The Insurance Department plans to monitor the new rate system carefully to ensure that it's nondiscriminatory, he said. Because the flex rate is an average -- a company could file for a rate increase of 3 percent, and have some customers paying as much as 7 percent to 9 percent more and others less -- "We are interested in whether it changes the marketplace, specifically in rural areas," Tomlinson said.

The Insurance Department estimates that June property and crop losses exceeded $396 million. The Chapman and Manhattan tornadoes alone were blamed for more than $87.5 million of that figure. Insurance Commissioner Sandy Praeger estimated insured property and crop damage for January through June 2008 at nearly $596 million.

The previous record month for damage was May 2007, the month of the Greensburg tornado. Damage for that entire month of May was about $230 million.

One way companies such as American Family Insurance look at their business is by loss ratio versus expense ratio, said company spokesman Steve Witmer.

Witmer said the ideal ratio is around 1:1, meaning companies pay out in claims roughly what they take in, in premiums. But in recent years, there have been heavier than anticipated claims, of greater than expected severity.

Thus American Family's combined ratio in 2007 was 1.11:1, meaning the company paid out $1.11 for every dollar it took in, he said. In 2006, the ratio was 1.13:1, and in 2005 it was 92.8:1.

Revenue from the company's financial investments helps offset losses from insurance underwriting, as the company experienced in 2007 and 2006, Witmer said. Now the company is facing a double-whammy, with losses from both its underwriting and its investments.

When that happens, the company has to rely on its built-up reserves, Witmer said. Suggestions that the company will increase premiums to offset its investment losses are not true, he said.

Insurance rate making is based on looking forward, taking into account past loss experience, Witmer said.

"You can't factor expected investment returns into rates," he said. "That's just how we operate. It doesn't factor into the equation."

State Farm spokeswoman Tamara O'Connor was less definitive. She said investment losses do help determine future rates, "but they pale in comparison to what claims and the regular cost of doing business have on influencing rates."

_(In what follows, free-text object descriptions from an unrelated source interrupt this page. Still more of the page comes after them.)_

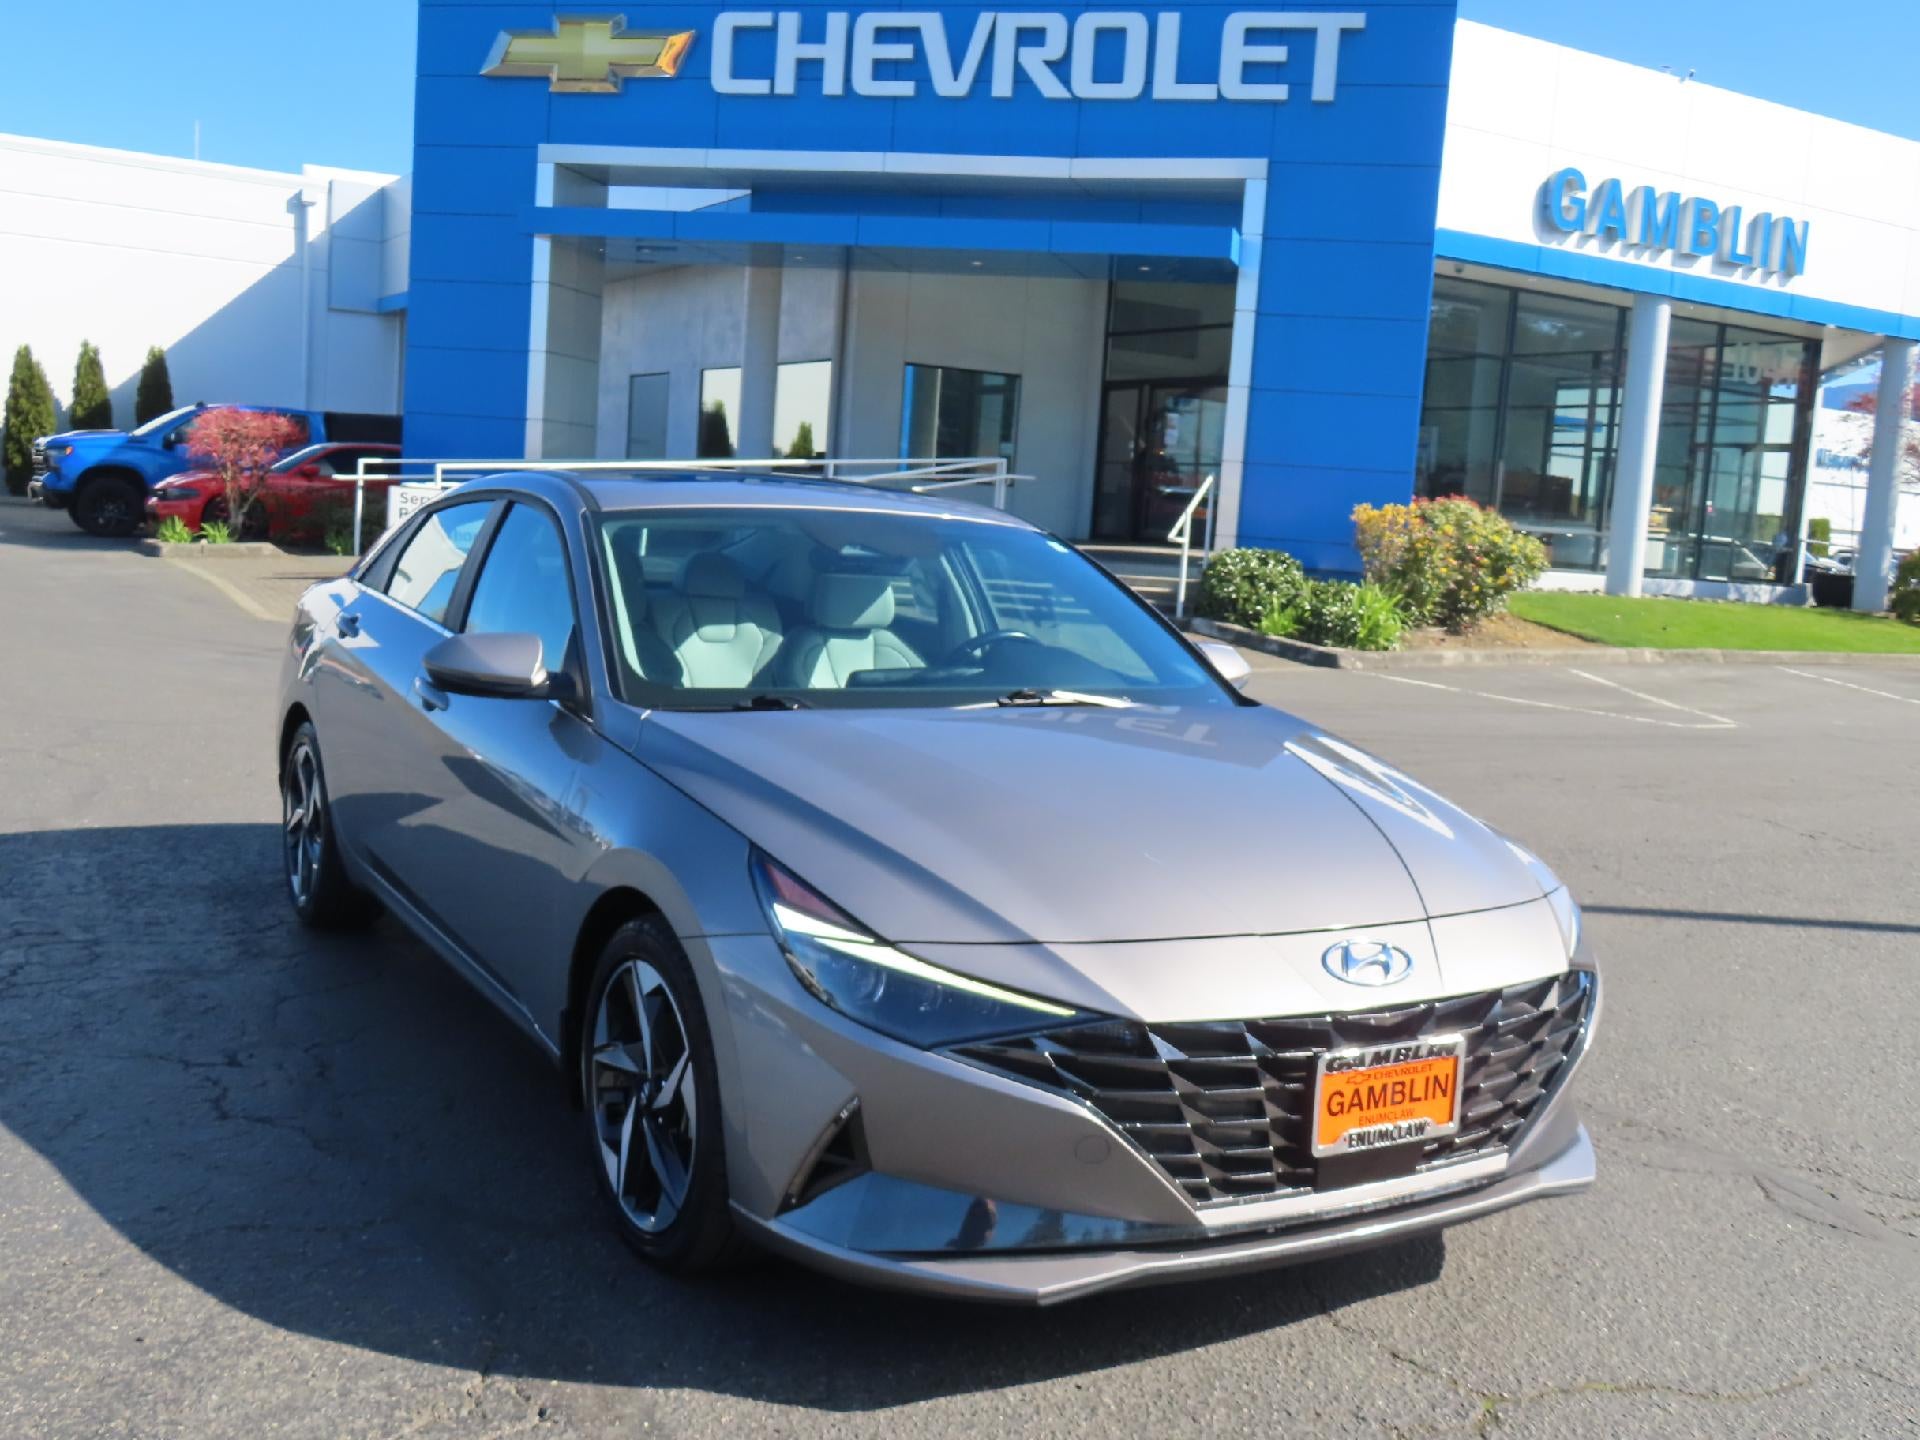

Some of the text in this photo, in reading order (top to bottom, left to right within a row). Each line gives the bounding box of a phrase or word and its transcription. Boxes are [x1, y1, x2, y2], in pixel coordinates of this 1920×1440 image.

[710, 10, 1366, 102] CHEVROLET
[1535, 167, 1809, 276] GAMBLIN
[1373, 1063, 1434, 1081] CHEVROLET
[1327, 1073, 1450, 1117] GAMBLIN
[1347, 1119, 1427, 1148] ENUMCLAW
[1358, 1107, 1416, 1125] ENUMCLAW
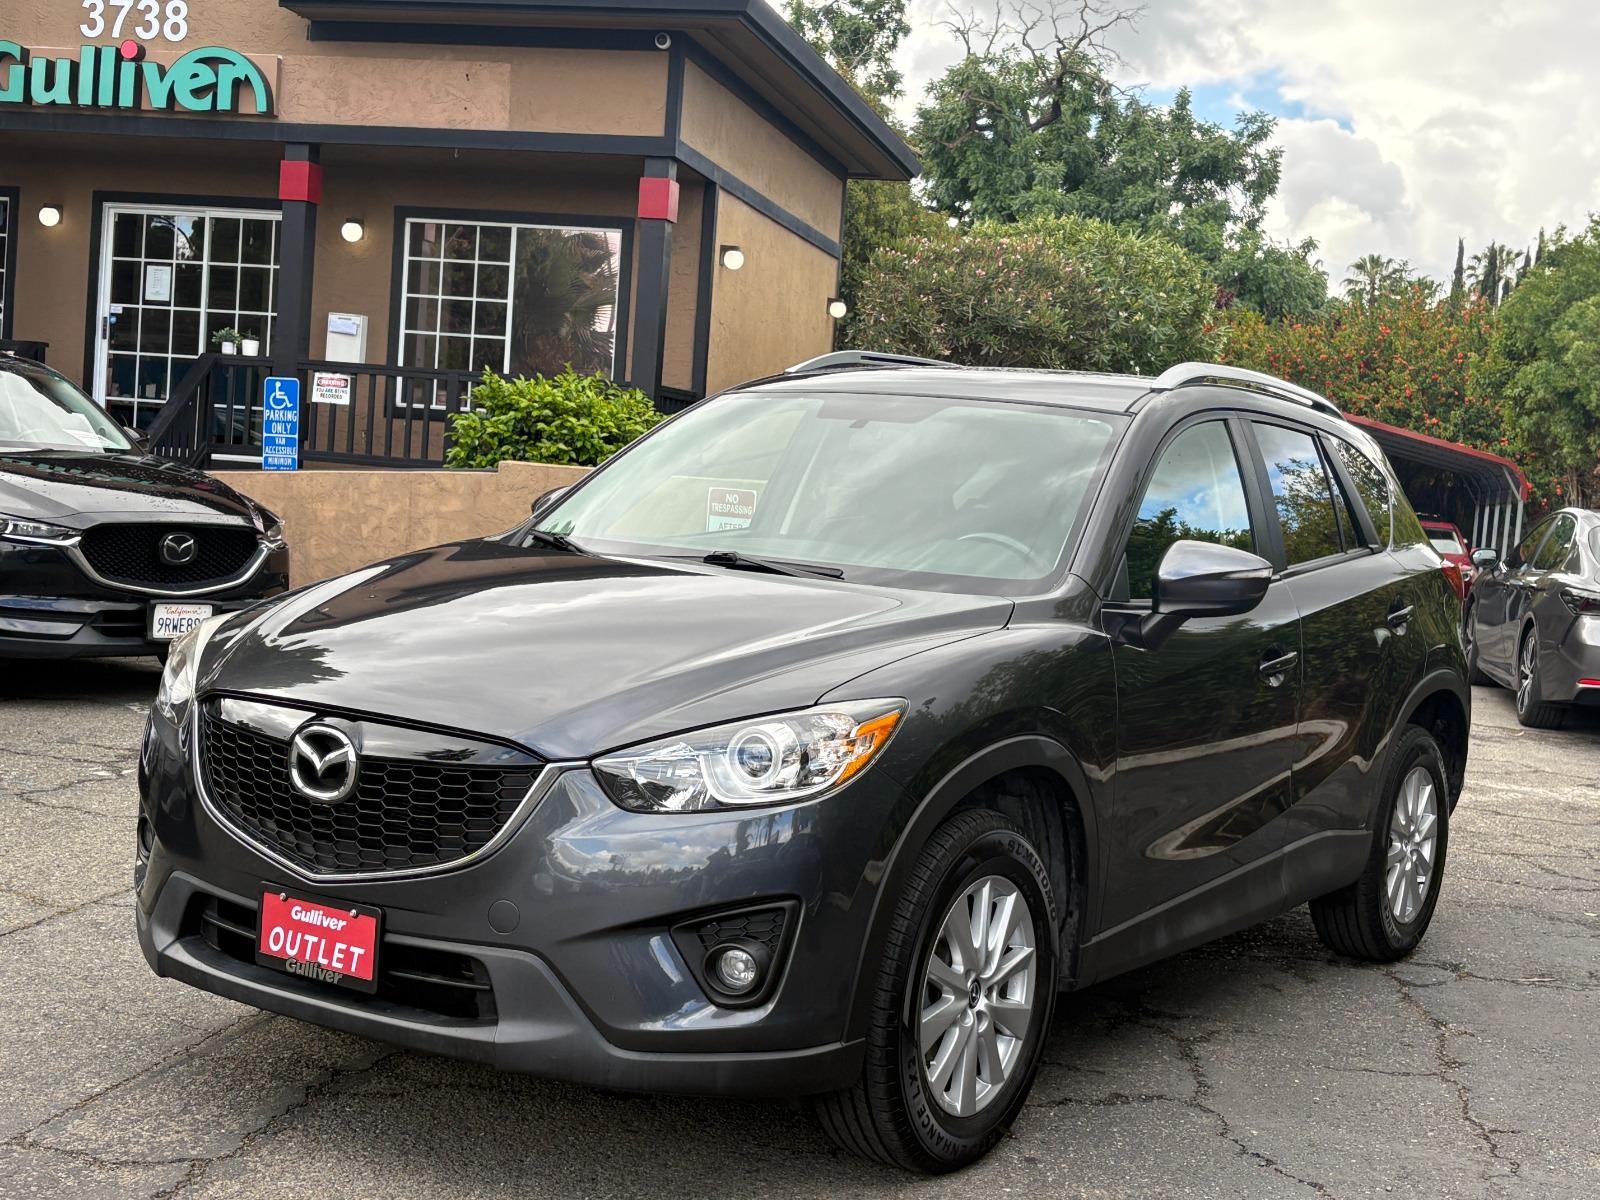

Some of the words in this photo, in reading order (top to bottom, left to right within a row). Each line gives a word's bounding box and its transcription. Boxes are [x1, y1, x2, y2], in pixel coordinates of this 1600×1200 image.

[80, 0, 188, 42] 3738
[265, 409, 297, 422] PARKING
[271, 422, 292, 434] ONLY
[275, 437, 286, 445] VAN
[265, 446, 296, 455] ACCESSIBLE
[267, 457, 292, 466] MINIMUM
[725, 493, 739, 504] NO
[711, 502, 753, 515] TRESPASSING
[718, 522, 743, 531] AFTER
[1007, 839, 1057, 922] SUMITOMO
[290, 905, 348, 931] Gulliver
[268, 926, 366, 973] OUTLET
[285, 957, 343, 985] Gulliver
[916, 1103, 968, 1158] ENHANCE

"The biggest factor was based upon our noncatastrophe experience -- that's inflation, and the cost of goods and services increases for everyone," she said.

State Farm homeowner policy holders saw an average of 0.6 percent increases in their premiums, effective in April. Auto policies went up an average of 1.7 percent, effective in October, O'Connor said.

Another factor influencing individual premium rates is the use of customers' credit history information to set their rates.

Most major insurance companies in America already use credit history-based scoring. American Family began setting rates that way for homeowners' policies effective Aug. 1, 2007, and will begin setting auto polices the same way effective Dec. 1.

Insurance scores aren't the same as credit scores. Although both use credit information, insurers use their own mathematical formulas to predict the likelihood of insurance claims being filed, and how expensive those claims might be.

Insurers have determined people who use credit responsibly are likely to file fewer claims, said Salina American Family agent Tim Newell.

A homeowner with stellar credit who's eligible for the company's best premium rate can realize up to a 24 percent discount on his or her policy, while someone with poor credit can face a surcharge of up to 50 percent, he said.

The company will reconsider a customer's score if the customer can document that his or her credit history suffered from circumstances not within his or her control, such as a bankruptcy due to treatment of a medical condition, or a divorce, Newell said.

On the other hand, people who merely overspend on their credit cards and discharges their debts through court will have a hard time convincing the company to give them a break on their rates, he said.